» **WORK ORDER**:
Please restate the entries verbatim. The copy should hold no pictures.

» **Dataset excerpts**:
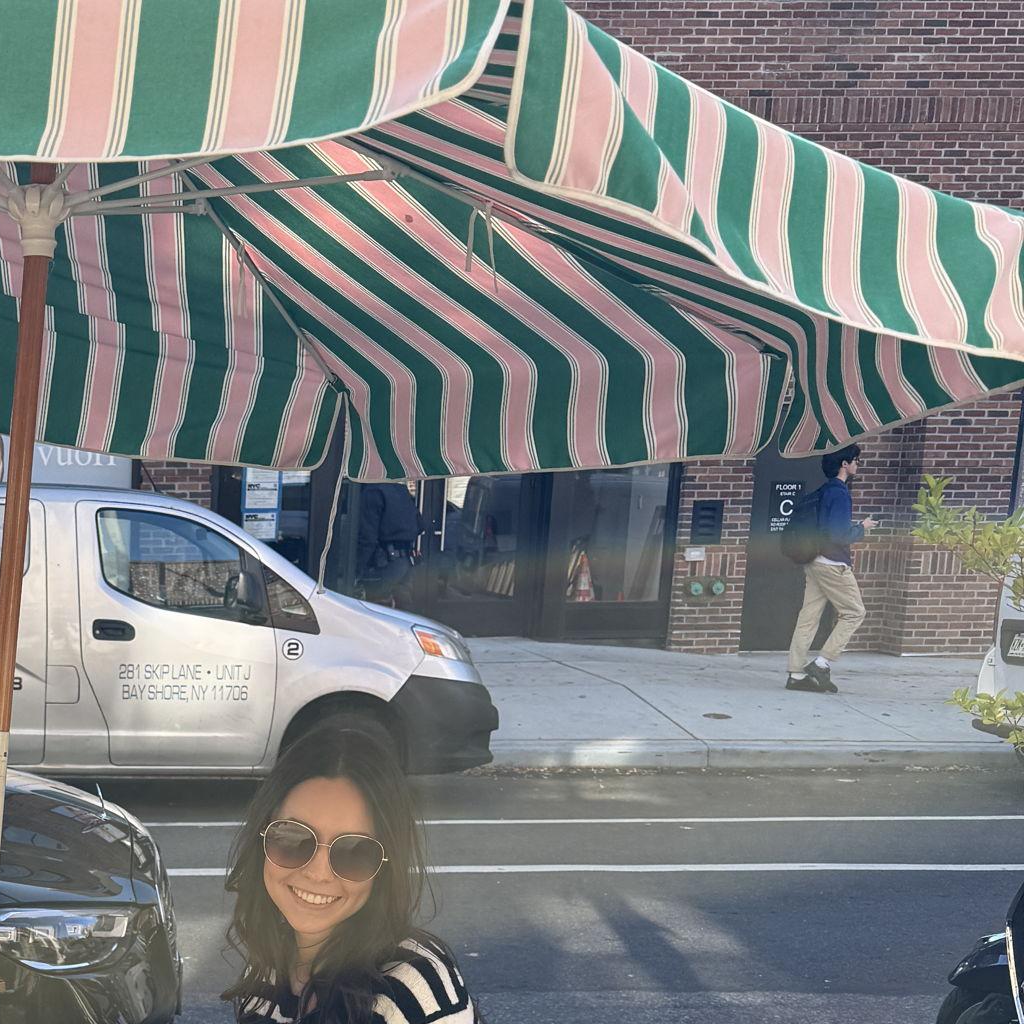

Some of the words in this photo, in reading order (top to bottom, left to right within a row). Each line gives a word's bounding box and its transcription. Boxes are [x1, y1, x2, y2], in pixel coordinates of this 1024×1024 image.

[779, 499, 794, 516] C
[286, 642, 299, 656] 2
[119, 664, 141, 680] 281
[144, 664, 170, 680] SKIP
[171, 664, 202, 680] LANE
[216, 664, 243, 680] UNIT
[244, 665, 251, 681] J
[122, 684, 146, 700] BAY
[148, 684, 189, 702] SHORE,
[191, 684, 209, 700] NY
[211, 685, 248, 700] 11706
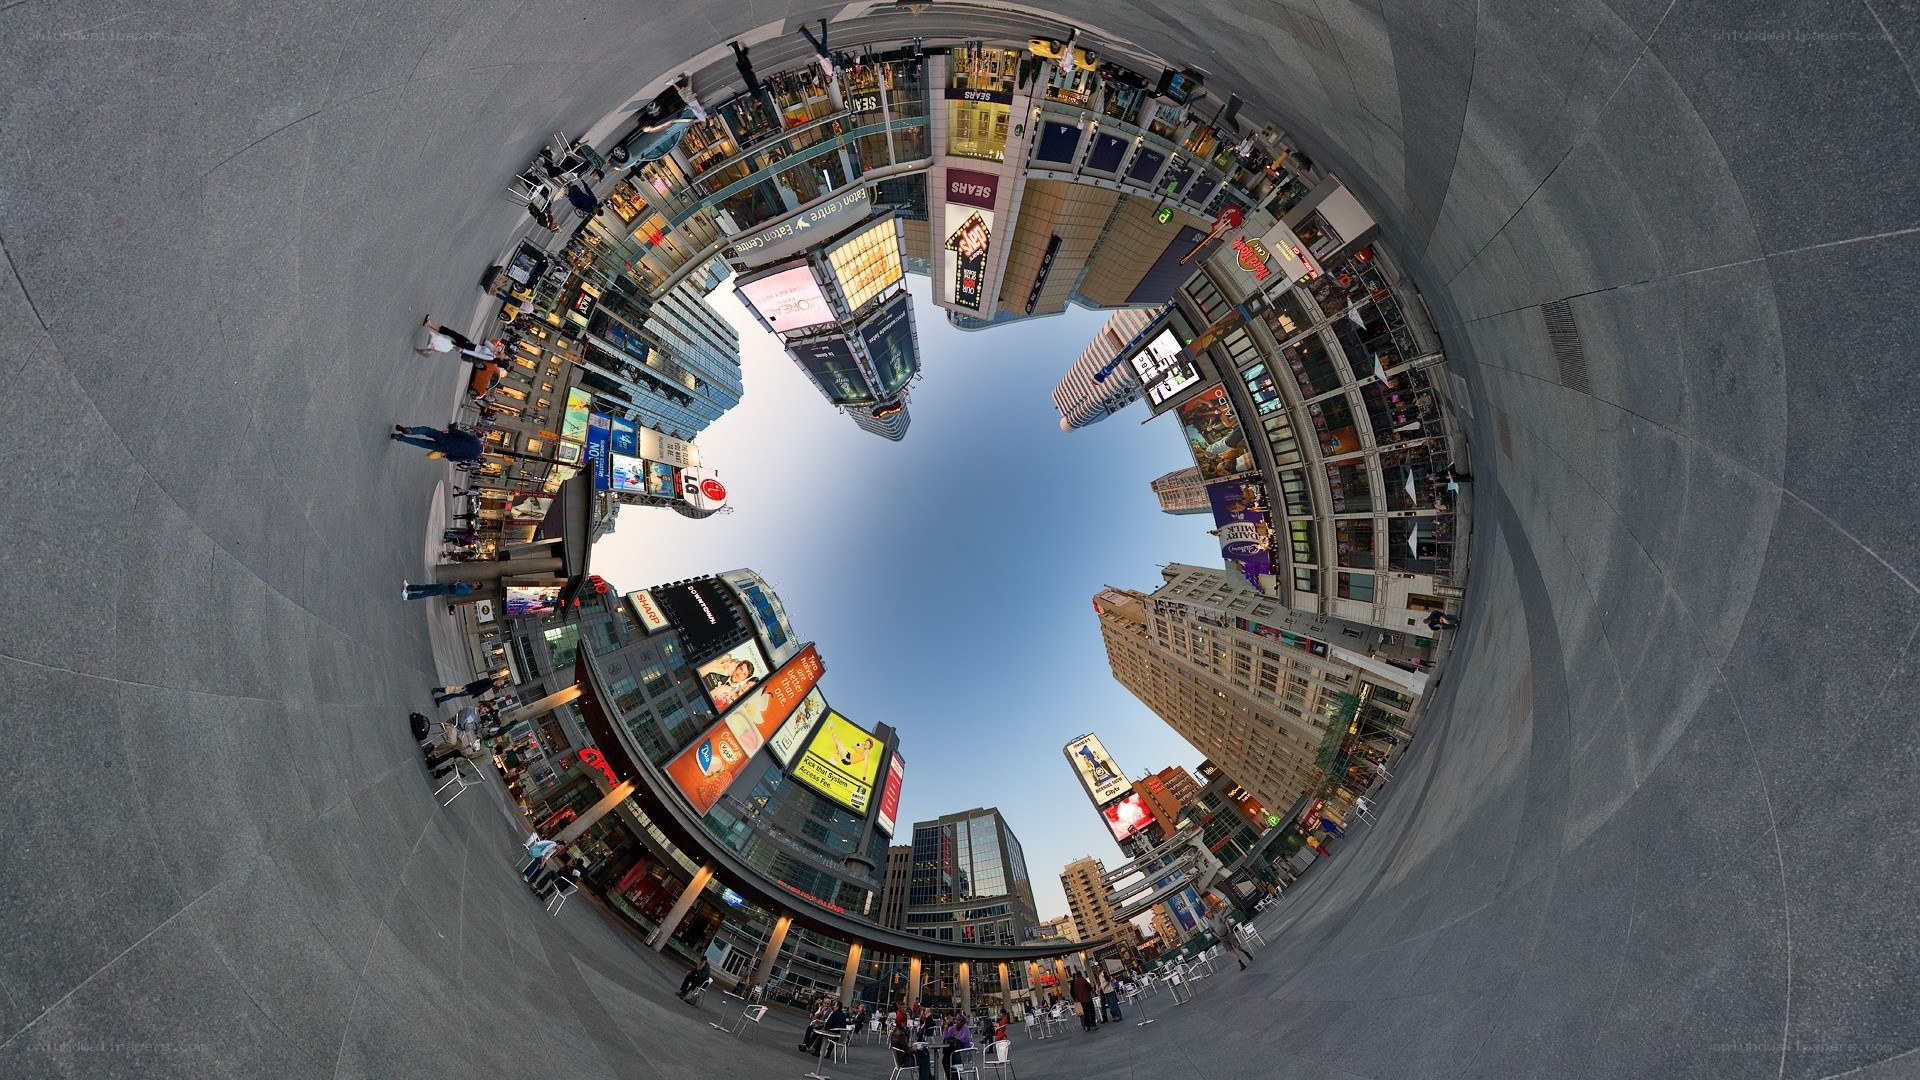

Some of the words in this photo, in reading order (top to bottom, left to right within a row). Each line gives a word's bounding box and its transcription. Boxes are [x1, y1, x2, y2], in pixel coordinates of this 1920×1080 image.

» **OUTPUT**:
Some of the words in this photo, in reading order (top to bottom, left to right within a row). Each line gives a word's bounding box and its transcription. Boxes are [x1, y1, x2, y2], in pixel coordinates of this 1024×1024 image.

[779, 499, 794, 516] C
[286, 642, 299, 656] 2
[119, 664, 141, 680] 281
[144, 664, 170, 680] SKIP
[171, 664, 202, 680] LANE
[216, 664, 243, 680] UNIT
[244, 665, 251, 681] J
[122, 684, 146, 700] BAY
[148, 684, 189, 702] SHORE,
[191, 684, 209, 700] NY
[211, 685, 248, 700] 11706

Some of the words in this photo, in reading order (top to bottom, left to right within a row). Each line gives a word's bounding box and its transcription. Boxes are [x1, y1, x2, y2], in pixel coordinates of this 1920×1080 image.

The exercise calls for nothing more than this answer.